**WORK REQUIRED:**
Please transcribe the data below in full, word for word, without the images.
════════════════
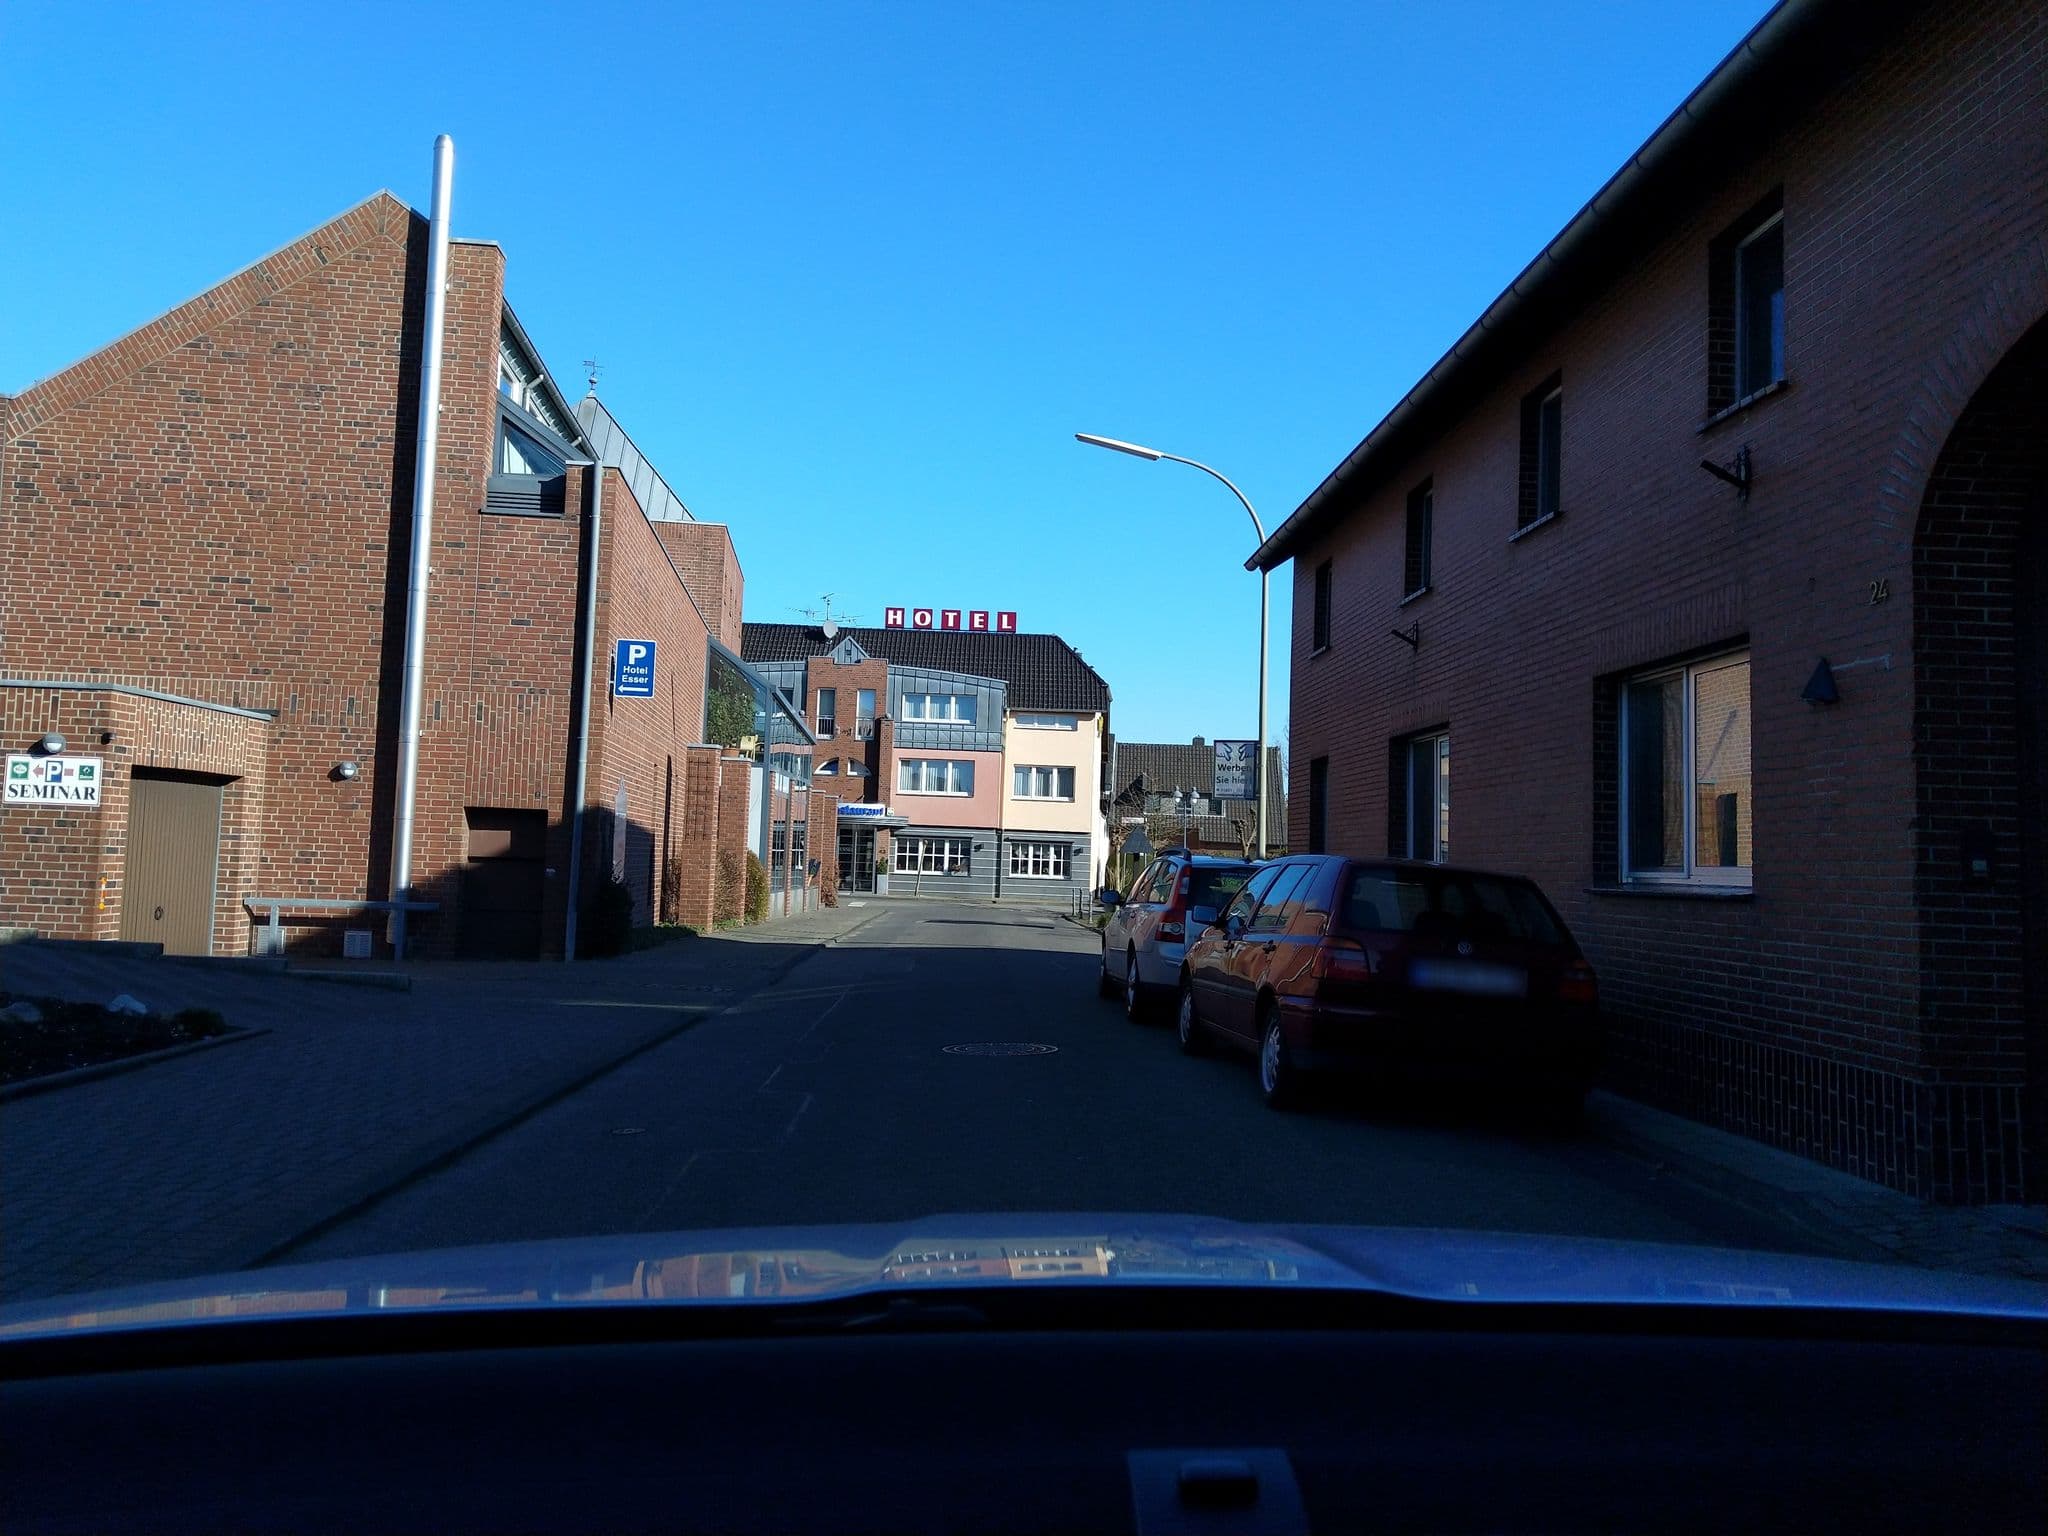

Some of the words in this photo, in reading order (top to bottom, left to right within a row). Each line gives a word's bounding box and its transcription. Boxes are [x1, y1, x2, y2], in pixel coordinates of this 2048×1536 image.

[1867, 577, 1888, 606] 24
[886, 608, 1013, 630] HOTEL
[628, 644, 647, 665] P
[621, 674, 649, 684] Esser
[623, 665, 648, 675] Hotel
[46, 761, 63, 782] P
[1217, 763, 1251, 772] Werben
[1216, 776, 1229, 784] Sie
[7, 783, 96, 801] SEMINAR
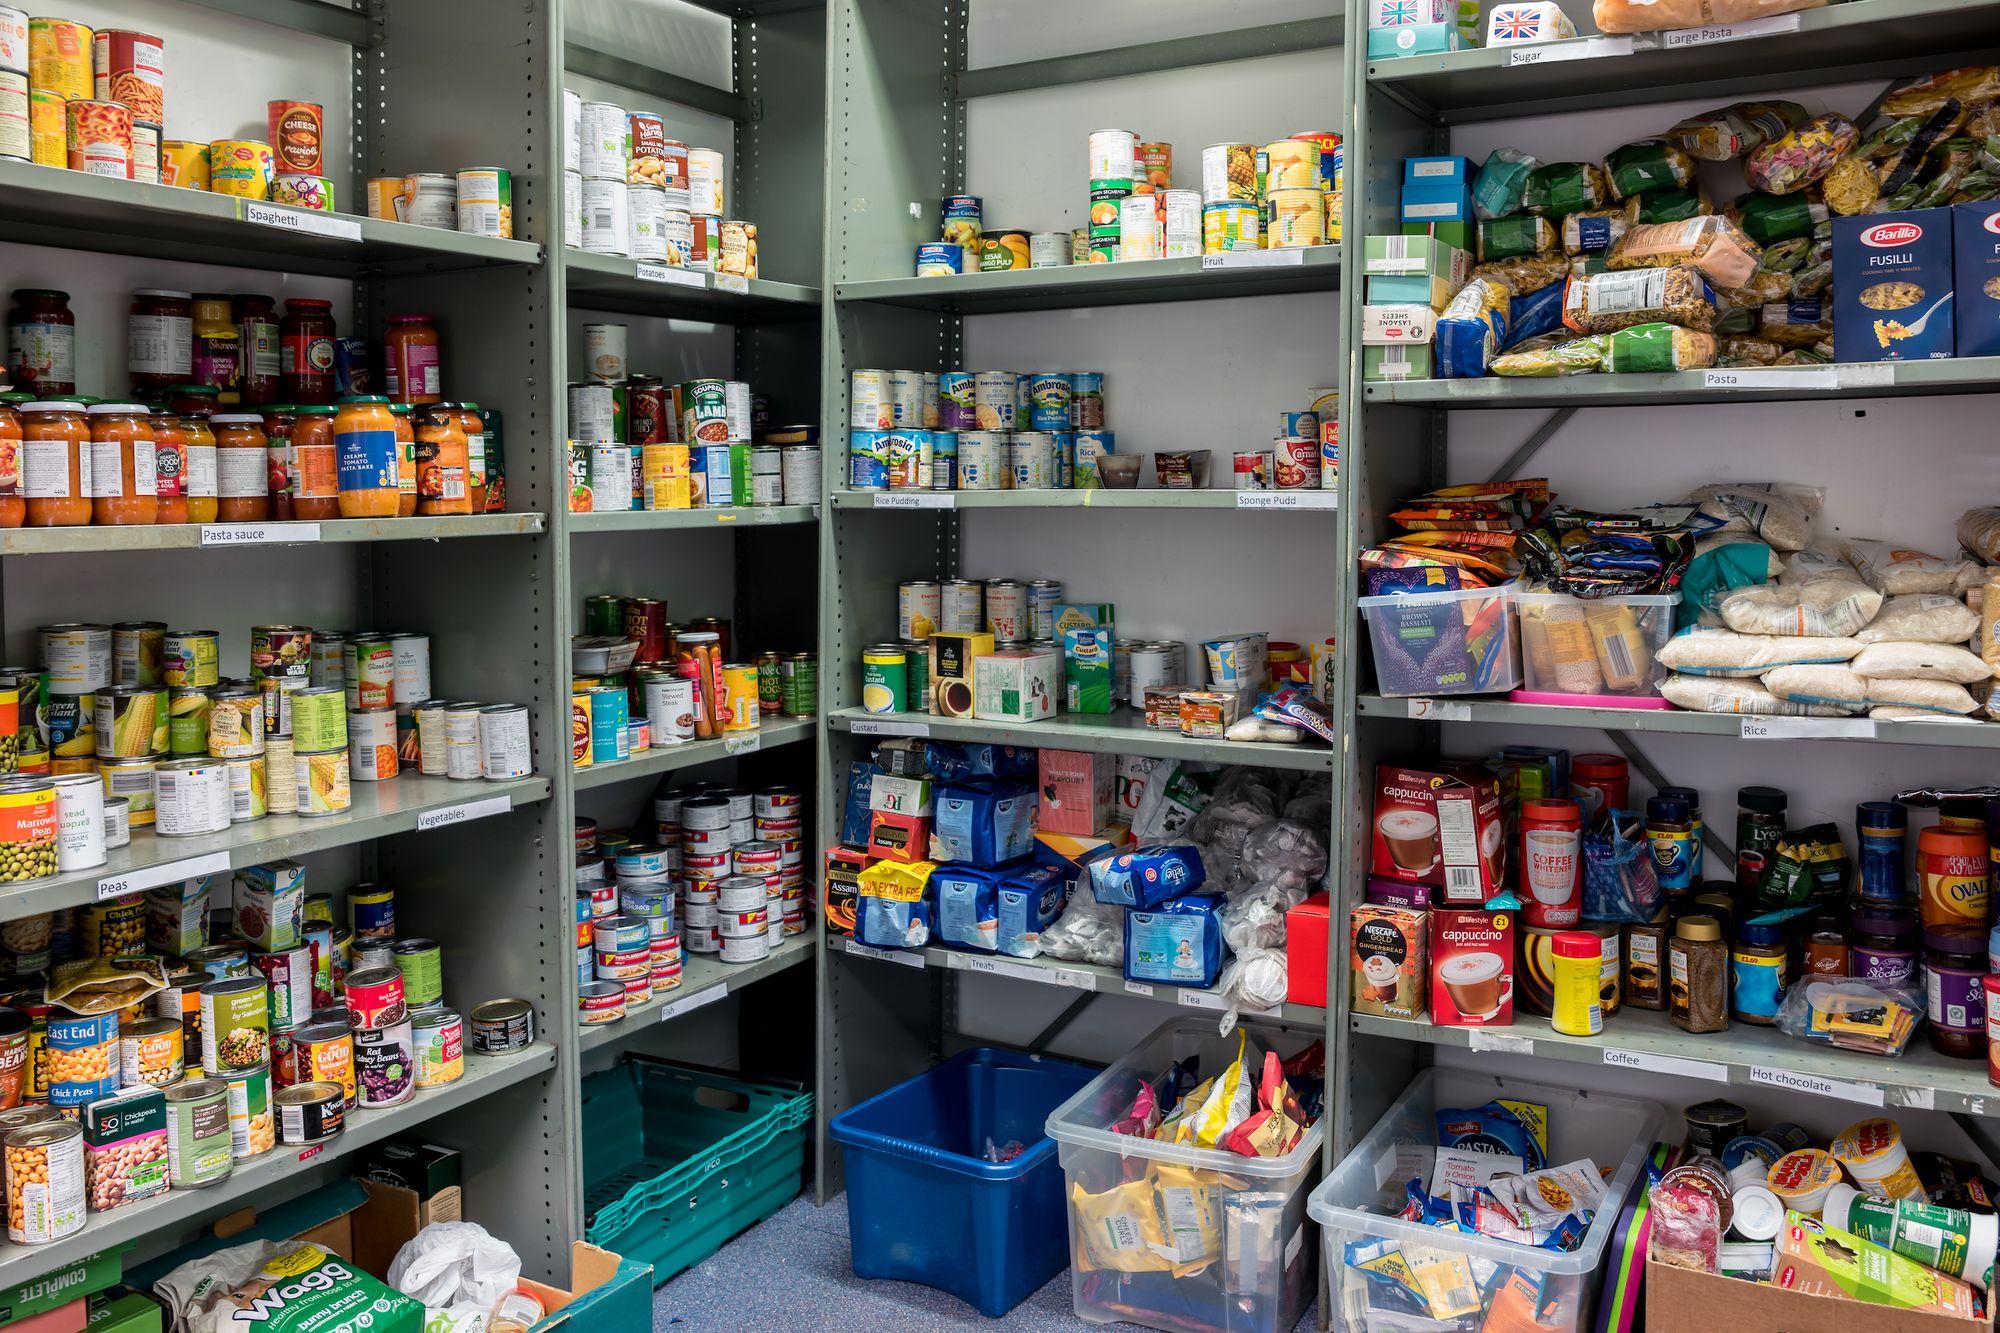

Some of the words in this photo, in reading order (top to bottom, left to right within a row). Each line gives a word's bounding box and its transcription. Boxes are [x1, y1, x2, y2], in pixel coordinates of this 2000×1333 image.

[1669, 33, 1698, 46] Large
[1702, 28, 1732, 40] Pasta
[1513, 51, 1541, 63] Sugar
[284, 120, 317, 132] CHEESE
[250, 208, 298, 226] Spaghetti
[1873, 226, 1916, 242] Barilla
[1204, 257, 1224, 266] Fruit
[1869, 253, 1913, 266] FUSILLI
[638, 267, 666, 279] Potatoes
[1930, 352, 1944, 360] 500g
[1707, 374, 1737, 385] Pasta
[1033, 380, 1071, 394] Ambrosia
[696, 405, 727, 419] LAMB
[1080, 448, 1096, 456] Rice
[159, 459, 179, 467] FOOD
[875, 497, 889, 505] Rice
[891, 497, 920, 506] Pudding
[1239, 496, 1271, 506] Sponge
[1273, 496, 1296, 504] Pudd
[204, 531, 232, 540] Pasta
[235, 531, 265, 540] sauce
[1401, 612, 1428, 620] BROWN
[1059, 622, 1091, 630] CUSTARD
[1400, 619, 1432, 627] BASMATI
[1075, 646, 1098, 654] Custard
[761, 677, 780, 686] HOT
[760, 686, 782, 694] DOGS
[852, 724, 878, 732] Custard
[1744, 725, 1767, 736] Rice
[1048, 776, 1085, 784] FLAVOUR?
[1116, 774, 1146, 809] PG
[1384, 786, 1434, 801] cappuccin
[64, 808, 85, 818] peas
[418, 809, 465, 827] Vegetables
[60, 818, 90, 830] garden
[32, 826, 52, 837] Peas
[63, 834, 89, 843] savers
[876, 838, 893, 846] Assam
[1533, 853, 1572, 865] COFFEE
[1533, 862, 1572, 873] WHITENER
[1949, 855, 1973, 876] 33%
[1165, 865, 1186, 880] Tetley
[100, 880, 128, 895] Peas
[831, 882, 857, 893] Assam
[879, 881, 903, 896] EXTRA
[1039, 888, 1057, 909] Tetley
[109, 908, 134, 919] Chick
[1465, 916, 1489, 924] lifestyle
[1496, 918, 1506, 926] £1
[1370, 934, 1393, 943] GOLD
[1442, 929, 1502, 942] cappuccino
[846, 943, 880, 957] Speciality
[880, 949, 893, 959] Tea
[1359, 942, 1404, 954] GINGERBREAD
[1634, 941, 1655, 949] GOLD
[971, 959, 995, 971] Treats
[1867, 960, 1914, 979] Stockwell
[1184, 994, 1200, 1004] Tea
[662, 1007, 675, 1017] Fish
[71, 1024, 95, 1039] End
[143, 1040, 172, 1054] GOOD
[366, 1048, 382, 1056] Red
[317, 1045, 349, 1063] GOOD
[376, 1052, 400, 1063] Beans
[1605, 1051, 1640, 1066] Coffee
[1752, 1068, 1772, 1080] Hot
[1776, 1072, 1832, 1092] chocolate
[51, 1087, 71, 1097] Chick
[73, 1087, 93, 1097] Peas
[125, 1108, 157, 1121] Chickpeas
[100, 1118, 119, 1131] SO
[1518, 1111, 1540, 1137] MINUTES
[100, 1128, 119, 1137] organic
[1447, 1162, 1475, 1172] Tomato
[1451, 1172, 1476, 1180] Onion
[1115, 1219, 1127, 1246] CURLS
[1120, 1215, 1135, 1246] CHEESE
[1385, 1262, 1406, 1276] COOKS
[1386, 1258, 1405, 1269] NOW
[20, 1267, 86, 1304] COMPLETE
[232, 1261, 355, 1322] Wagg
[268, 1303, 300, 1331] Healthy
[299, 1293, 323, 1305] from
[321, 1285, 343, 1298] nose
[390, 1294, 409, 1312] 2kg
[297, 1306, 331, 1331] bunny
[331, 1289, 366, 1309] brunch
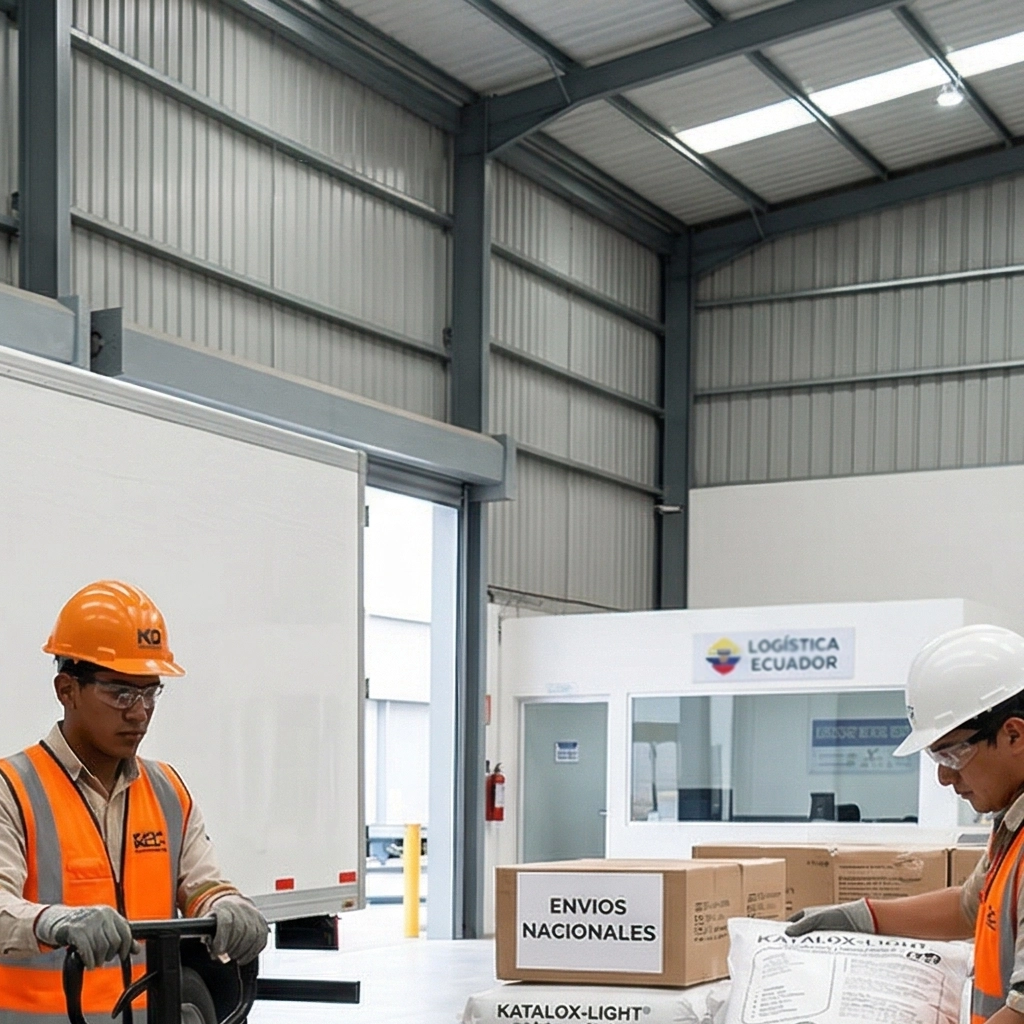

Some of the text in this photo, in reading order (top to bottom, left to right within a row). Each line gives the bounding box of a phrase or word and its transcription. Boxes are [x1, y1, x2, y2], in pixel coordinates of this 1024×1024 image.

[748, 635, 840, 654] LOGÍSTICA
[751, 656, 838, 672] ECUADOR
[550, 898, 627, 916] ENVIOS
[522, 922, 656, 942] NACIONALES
════════════════
**PROBLEM SOLUTION:**
Some of the words in this photo, in reading order (top to bottom, left to right within a row). Each line gives a word's bounding box and its transcription. Boxes are [x1, y1, x2, y2], in pixel coordinates of this 2048×1536 image.

[1867, 577, 1888, 606] 24
[886, 608, 1013, 630] HOTEL
[628, 644, 647, 665] P
[621, 674, 649, 684] Esser
[623, 665, 648, 675] Hotel
[46, 761, 63, 782] P
[1217, 763, 1251, 772] Werben
[1216, 776, 1229, 784] Sie
[7, 783, 96, 801] SEMINAR

Some of the words in this photo, in reading order (top to bottom, left to right within a row). Each line gives a word's bounding box and its transcription. Boxes are [x1, y1, x2, y2], in pixel coordinates of this 2000×1333 image.

[1669, 33, 1698, 46] Large
[1702, 28, 1732, 40] Pasta
[1513, 51, 1541, 63] Sugar
[284, 120, 317, 132] CHEESE
[250, 208, 298, 226] Spaghetti
[1873, 226, 1916, 242] Barilla
[1204, 257, 1224, 266] Fruit
[1869, 253, 1913, 266] FUSILLI
[638, 267, 666, 279] Potatoes
[1930, 352, 1944, 360] 500g
[1707, 374, 1737, 385] Pasta
[1033, 380, 1071, 394] Ambrosia
[696, 405, 727, 419] LAMB
[1080, 448, 1096, 456] Rice
[159, 459, 179, 467] FOOD
[875, 497, 889, 505] Rice
[891, 497, 920, 506] Pudding
[1239, 496, 1271, 506] Sponge
[1273, 496, 1296, 504] Pudd
[204, 531, 232, 540] Pasta
[235, 531, 265, 540] sauce
[1401, 612, 1428, 620] BROWN
[1059, 622, 1091, 630] CUSTARD
[1400, 619, 1432, 627] BASMATI
[1075, 646, 1098, 654] Custard
[761, 677, 780, 686] HOT
[760, 686, 782, 694] DOGS
[852, 724, 878, 732] Custard
[1744, 725, 1767, 736] Rice
[1048, 776, 1085, 784] FLAVOUR?
[1116, 774, 1146, 809] PG
[1384, 786, 1434, 801] cappuccin
[64, 808, 85, 818] peas
[418, 809, 465, 827] Vegetables
[60, 818, 90, 830] garden
[32, 826, 52, 837] Peas
[63, 834, 89, 843] savers
[876, 838, 893, 846] Assam
[1533, 853, 1572, 865] COFFEE
[1533, 862, 1572, 873] WHITENER
[1949, 855, 1973, 876] 33%
[1165, 865, 1186, 880] Tetley
[100, 880, 128, 895] Peas
[831, 882, 857, 893] Assam
[879, 881, 903, 896] EXTRA
[1039, 888, 1057, 909] Tetley
[109, 908, 134, 919] Chick
[1465, 916, 1489, 924] lifestyle
[1496, 918, 1506, 926] £1
[1370, 934, 1393, 943] GOLD
[1442, 929, 1502, 942] cappuccino
[846, 943, 880, 957] Speciality
[880, 949, 893, 959] Tea
[1359, 942, 1404, 954] GINGERBREAD
[1634, 941, 1655, 949] GOLD
[971, 959, 995, 971] Treats
[1867, 960, 1914, 979] Stockwell
[1184, 994, 1200, 1004] Tea
[662, 1007, 675, 1017] Fish
[71, 1024, 95, 1039] End
[143, 1040, 172, 1054] GOOD
[366, 1048, 382, 1056] Red
[317, 1045, 349, 1063] GOOD
[376, 1052, 400, 1063] Beans
[1605, 1051, 1640, 1066] Coffee
[1752, 1068, 1772, 1080] Hot
[1776, 1072, 1832, 1092] chocolate
[51, 1087, 71, 1097] Chick
[73, 1087, 93, 1097] Peas
[125, 1108, 157, 1121] Chickpeas
[100, 1118, 119, 1131] SO
[1518, 1111, 1540, 1137] MINUTES
[100, 1128, 119, 1137] organic
[1447, 1162, 1475, 1172] Tomato
[1451, 1172, 1476, 1180] Onion
[1115, 1219, 1127, 1246] CURLS
[1120, 1215, 1135, 1246] CHEESE
[1385, 1262, 1406, 1276] COOKS
[1386, 1258, 1405, 1269] NOW
[20, 1267, 86, 1304] COMPLETE
[232, 1261, 355, 1322] Wagg
[268, 1303, 300, 1331] Healthy
[299, 1293, 323, 1305] from
[321, 1285, 343, 1298] nose
[390, 1294, 409, 1312] 2kg
[297, 1306, 331, 1331] bunny
[331, 1289, 366, 1309] brunch

Some of the text in this photo, in reading order (top to bottom, left to right within a row). Each line gives the bounding box of a phrase or word and its transcription. Boxes are [x1, y1, x2, y2], in pixel coordinates of this 1024×1024 image.

[748, 635, 840, 654] LOGÍSTICA
[751, 656, 838, 672] ECUADOR
[550, 898, 627, 916] ENVIOS
[522, 922, 656, 942] NACIONALES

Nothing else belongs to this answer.